Una fabbrica dismessa della Rust Belt
Mappa 1
La sensazione che il Vecchio Continente che geograficamente è il più diretto interessato alle vicende ucraine e israeliane non abbia le capacità di risolversele da solo, crea negli americani una frustrazione e un senso di rabbia a noi difficili da comprendere. I prezzi dei beni negli Stati Uniti, spinti da un’ inflazione generata anche dalle imprudenti politiche espansive delle precedenti amministrazioni, hanno inoltre raggiunto livelli difficilmente sopportabili e sebbene gli stipendi abbiano avuto forti incrementi nell’ ultimo quinquennio non riescono a compensare l’ aumento dei costi, generando quindi una percezione di impoverimento in un Paese dove sanità e trattamenti pensionistici non sono sussidiati dello Stato. L’ occupazione è certamente ai massimi livelli statistici, ma come avviene anche in Europa si tratta di un’ occupazione povera prevalentemente fatta di immigrati con redditi al limite della sussistenza. Tutta la fascia del Midwest, la cosiddetta Rust Belt fatta di fabbriche piene di operai, è scomparsa gettando nella povertà milioni di individui. Il debito dello Stato, che ha raggiunto
nel frattempo livelli stratosferici, fa fatica a essere onorato, ma soprattutto è in grande parte nelle mani della Cina che invece in questi anni ha aumentato il proprio credito commerciale nei confronti degli Stati Uniti arricchendo smisuratamente quei pochi che hanno commerciato con il Paese asiatico( soprattutto multinazionali) a danno dei tanti che nelle fabbriche americane producevano quegli stessi prodotti che ora sono riversati sul mercato a prezzi di dumping. Non c’ è quindi da sorprendersi se la distribuzione della ricchezza americana( ma anche europea) ha assunto sempre più i connotati di una forte concentrazione verso l’ alto della scala sociale, creando un diffuso malcontento tra i cittadini.

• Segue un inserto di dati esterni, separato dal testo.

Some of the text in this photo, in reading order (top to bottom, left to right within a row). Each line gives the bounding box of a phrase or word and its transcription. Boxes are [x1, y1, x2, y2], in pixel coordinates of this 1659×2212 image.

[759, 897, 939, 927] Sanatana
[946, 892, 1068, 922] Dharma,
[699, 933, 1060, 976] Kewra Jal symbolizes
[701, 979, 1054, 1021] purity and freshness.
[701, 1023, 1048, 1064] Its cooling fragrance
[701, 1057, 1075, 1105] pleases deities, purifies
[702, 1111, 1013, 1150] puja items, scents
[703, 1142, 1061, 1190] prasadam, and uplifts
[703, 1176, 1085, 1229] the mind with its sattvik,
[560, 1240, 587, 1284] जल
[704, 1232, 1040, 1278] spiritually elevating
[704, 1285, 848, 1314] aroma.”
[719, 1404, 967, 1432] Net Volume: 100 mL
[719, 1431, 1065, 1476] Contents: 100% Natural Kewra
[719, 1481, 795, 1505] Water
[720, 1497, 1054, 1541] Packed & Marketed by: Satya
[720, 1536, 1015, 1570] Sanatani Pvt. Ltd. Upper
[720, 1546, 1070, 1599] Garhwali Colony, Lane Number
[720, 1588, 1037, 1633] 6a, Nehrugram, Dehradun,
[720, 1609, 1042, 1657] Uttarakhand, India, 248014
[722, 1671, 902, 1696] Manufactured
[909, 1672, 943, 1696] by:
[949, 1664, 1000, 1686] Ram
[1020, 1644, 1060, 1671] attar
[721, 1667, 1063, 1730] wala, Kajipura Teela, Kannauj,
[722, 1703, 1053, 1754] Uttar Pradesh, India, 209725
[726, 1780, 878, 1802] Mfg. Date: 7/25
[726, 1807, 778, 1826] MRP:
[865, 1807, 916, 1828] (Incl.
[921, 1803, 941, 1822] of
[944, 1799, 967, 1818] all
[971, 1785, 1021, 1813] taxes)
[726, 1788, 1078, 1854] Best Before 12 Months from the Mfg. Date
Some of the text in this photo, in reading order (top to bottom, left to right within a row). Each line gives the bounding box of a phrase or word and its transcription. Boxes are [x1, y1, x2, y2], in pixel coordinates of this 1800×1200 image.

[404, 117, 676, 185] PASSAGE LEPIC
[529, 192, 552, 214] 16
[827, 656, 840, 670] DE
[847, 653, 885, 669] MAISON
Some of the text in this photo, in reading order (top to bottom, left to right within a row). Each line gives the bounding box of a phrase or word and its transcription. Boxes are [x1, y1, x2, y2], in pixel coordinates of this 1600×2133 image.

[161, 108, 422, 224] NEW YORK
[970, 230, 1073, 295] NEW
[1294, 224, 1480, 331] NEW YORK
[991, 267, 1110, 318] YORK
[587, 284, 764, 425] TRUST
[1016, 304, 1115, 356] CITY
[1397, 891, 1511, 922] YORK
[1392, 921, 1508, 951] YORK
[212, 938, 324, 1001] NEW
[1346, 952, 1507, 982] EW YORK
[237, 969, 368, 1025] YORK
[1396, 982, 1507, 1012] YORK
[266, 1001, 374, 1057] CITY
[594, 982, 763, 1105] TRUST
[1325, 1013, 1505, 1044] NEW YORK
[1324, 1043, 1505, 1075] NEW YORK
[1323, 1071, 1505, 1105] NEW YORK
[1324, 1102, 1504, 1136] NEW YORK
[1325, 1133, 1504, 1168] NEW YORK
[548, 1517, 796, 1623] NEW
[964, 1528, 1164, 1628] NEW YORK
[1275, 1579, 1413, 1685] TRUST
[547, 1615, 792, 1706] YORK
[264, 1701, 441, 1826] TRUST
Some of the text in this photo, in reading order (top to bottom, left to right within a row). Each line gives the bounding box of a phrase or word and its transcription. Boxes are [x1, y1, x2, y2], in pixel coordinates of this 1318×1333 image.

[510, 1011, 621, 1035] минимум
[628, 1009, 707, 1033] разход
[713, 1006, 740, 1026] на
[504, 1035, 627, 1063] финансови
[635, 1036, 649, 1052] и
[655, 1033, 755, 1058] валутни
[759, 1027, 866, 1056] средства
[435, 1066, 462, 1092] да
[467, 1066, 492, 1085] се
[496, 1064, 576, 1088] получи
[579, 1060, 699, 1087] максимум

La macchina socioeconomica americana, sempre considerata produttrice di mobilità sociale, sembra si sia quindi inceppata e non sorprende che la svolta elettorale sia avvenuta in maniera così decisa.
Il problema cinese
La Cina sta diventando il più grande problema dell’ Occidente. Un miliardo e mezzo di persone inquadrate in un regime politico autoritario produce un’ enorme quantità di beni che non riesce a consumare e che quindi destina all’ esportazione, costi quel che costi. I regimi autocratici, in special modo se si definiscono comunisti, hanno la necessità di dare occupazione anche se mal retribuita ad ognuno dei propri cittadini perché è la migliore garanzia se non l’ unica di riuscire a procrastinare il proprio potere. Se l’ Unione Sovietica per gli USA era solo una minaccia militare perché il suo peso specifico commerciale era irrilevante, quello della Cina è un tema che tocca più interessi: da quello geopolitico a quello economico a quello della sicurezza nazionale. Intere filiere produttive anche strategiche sono state delocalizzate nel Paese asiatico creando non solo un enorme deficit commerciale, ma soprattutto generando una dipendenza industriale esterna allarmante.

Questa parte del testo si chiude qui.